Scheduling Algorithms for Low-Precision Accumulation on Energy-Efficient Deep Neural Network Hardware

Abstract

In just a few years, deep neural networks (DNNs) have advanced from image classification and machine translation to large language models (LLMs) capable of processing and generating hundreds of thousands of tokens. Like their predecessors based on convolutional and transformer architectures, modern LLMs rely on extensive matrix multiplications interleaved with non-linear operations. Unlike earlier models, however, LLM dot products routinely exceed 30,000 elements, imposing severe costs in energy and latency—particularly in edge deployments where resources are limited. Enabling efficient inference in such settings demands both novel hardware architectures and new algorithmic strategies for computation scheduling. At the core of these workloads lies accumulation: the repeated addition of products within large dot products. Narrowing the bitwidth of accumulators can dramatically reduce hardware complexity, energy consumption, and latency. Yet overly narrow accumulators increase the risk of numerical overflow, degrading model accuracy. Existing solutions mitigate this by retraining models with modified weights, a process that is costly for large models and often infeasible due to data access constraints. This thesis introduces algorithmic and architectural techniques that enable low-bitwidth accumulation without retraining or altering the model weights. We first present Alternating Greedy Schedules (AGS), which partitions the summation into positive and negative subarrays and orders their accumulation to avoid overflow. We then propose Markov Greedy Sums (MGS), which leverage the statistical structure of DNN partial products to maximize use of a narrow accumulator and resort to a wide accumulator only when necessary. Finally, we develop Alternating Balancing Sums (ABS), a buffer-based reordering scheme that provably maintains narrow accumulation for most operations, deferring wide accumulation to a short final phase.

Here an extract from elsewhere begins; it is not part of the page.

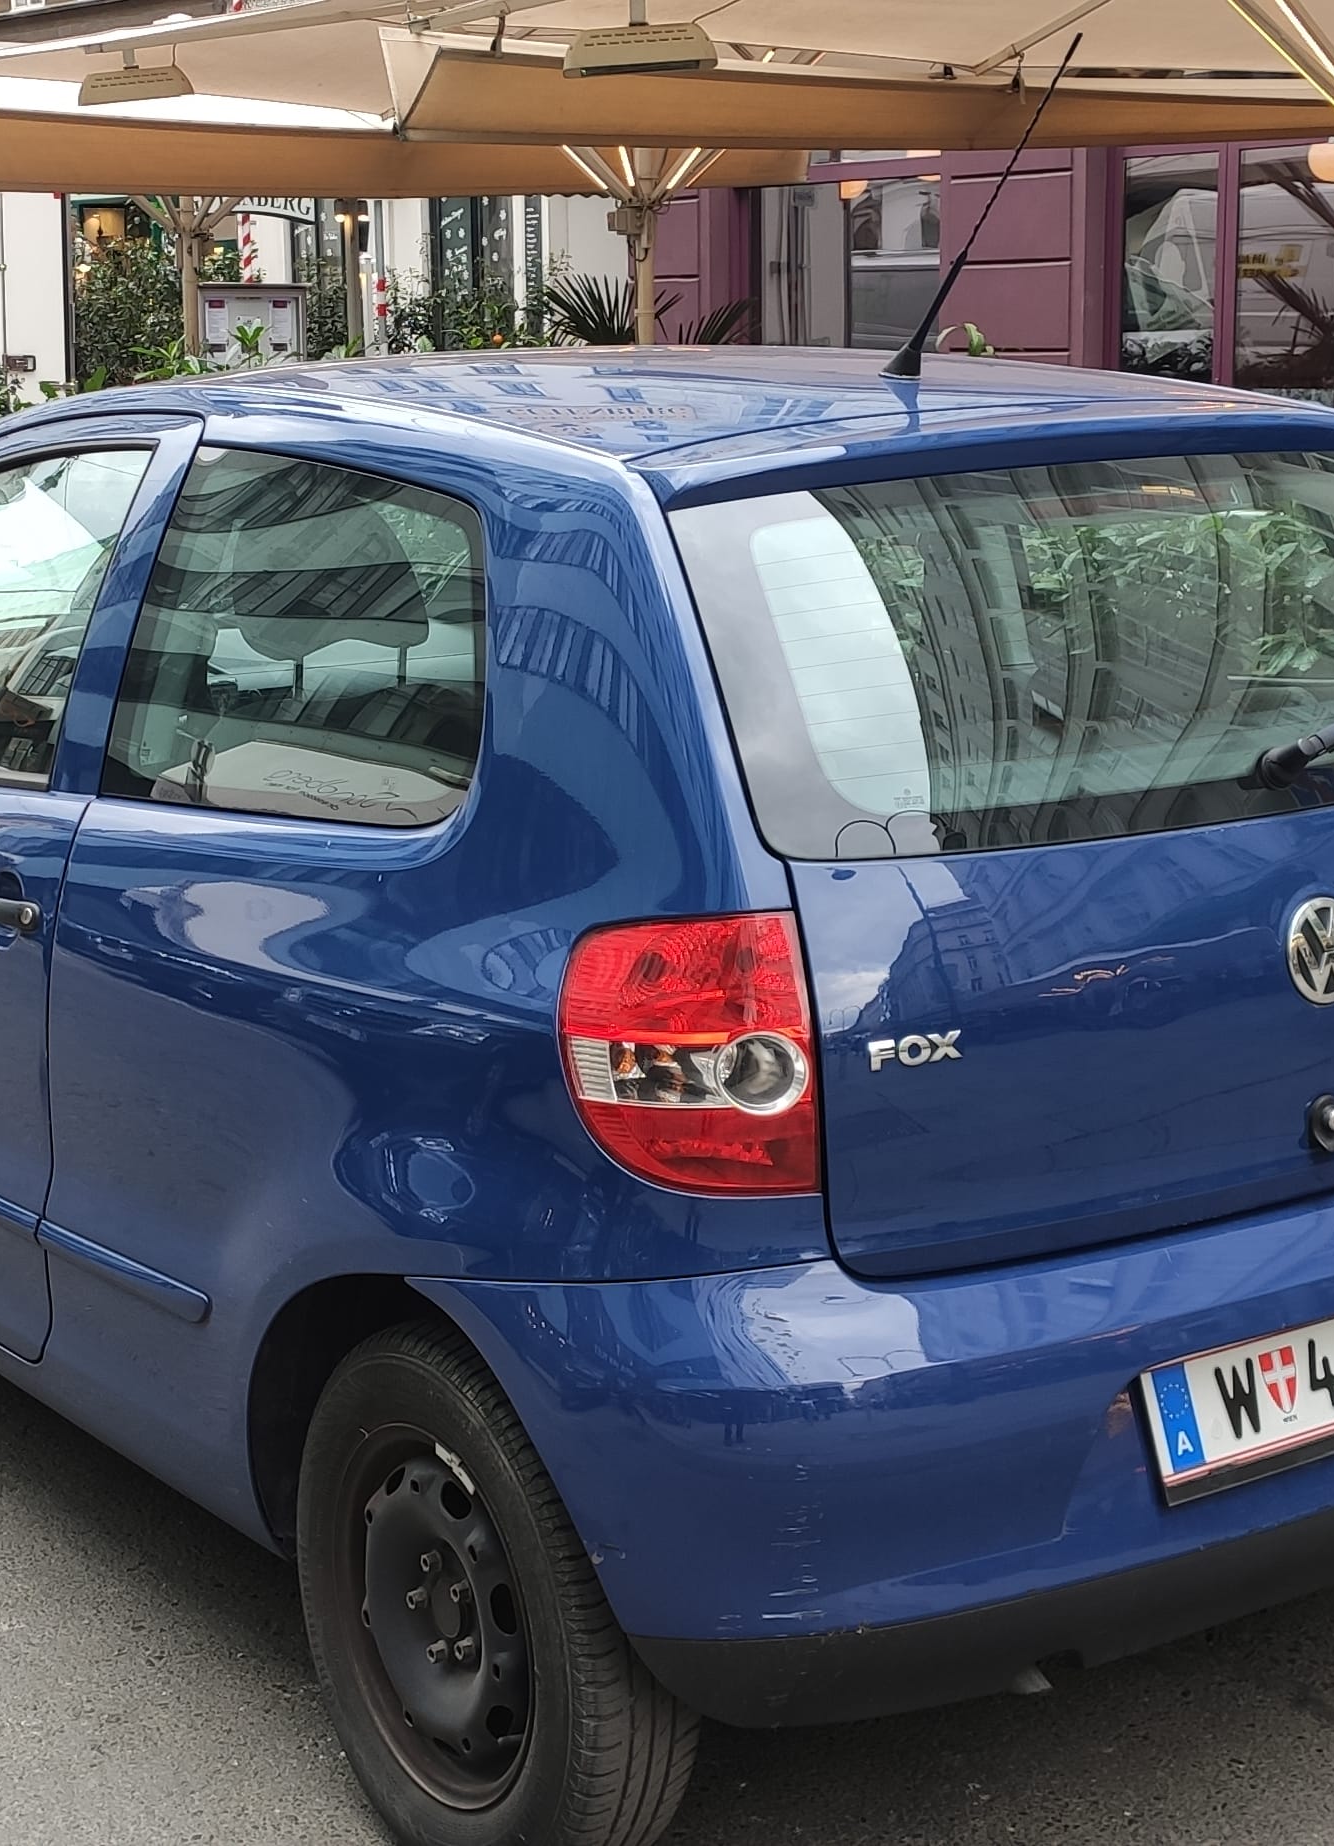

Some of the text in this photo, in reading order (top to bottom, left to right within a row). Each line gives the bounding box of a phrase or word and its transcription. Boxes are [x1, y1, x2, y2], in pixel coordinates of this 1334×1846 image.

Together, these techniques establish a family of scheduling strategies that systematically balance precision, energy, and latency. We evaluate our designs across diverse DNN inference tasks, showing that they substantially reduce accumulator bitwidth requirements and energy consumption while preserving accuracy—all without retraining. These results demonstrate a path toward scalable, energy-efficient hardware for next-generation DNNs and LLMs, enabling their deployment across a broader range of platforms from cloud servers to edge devices.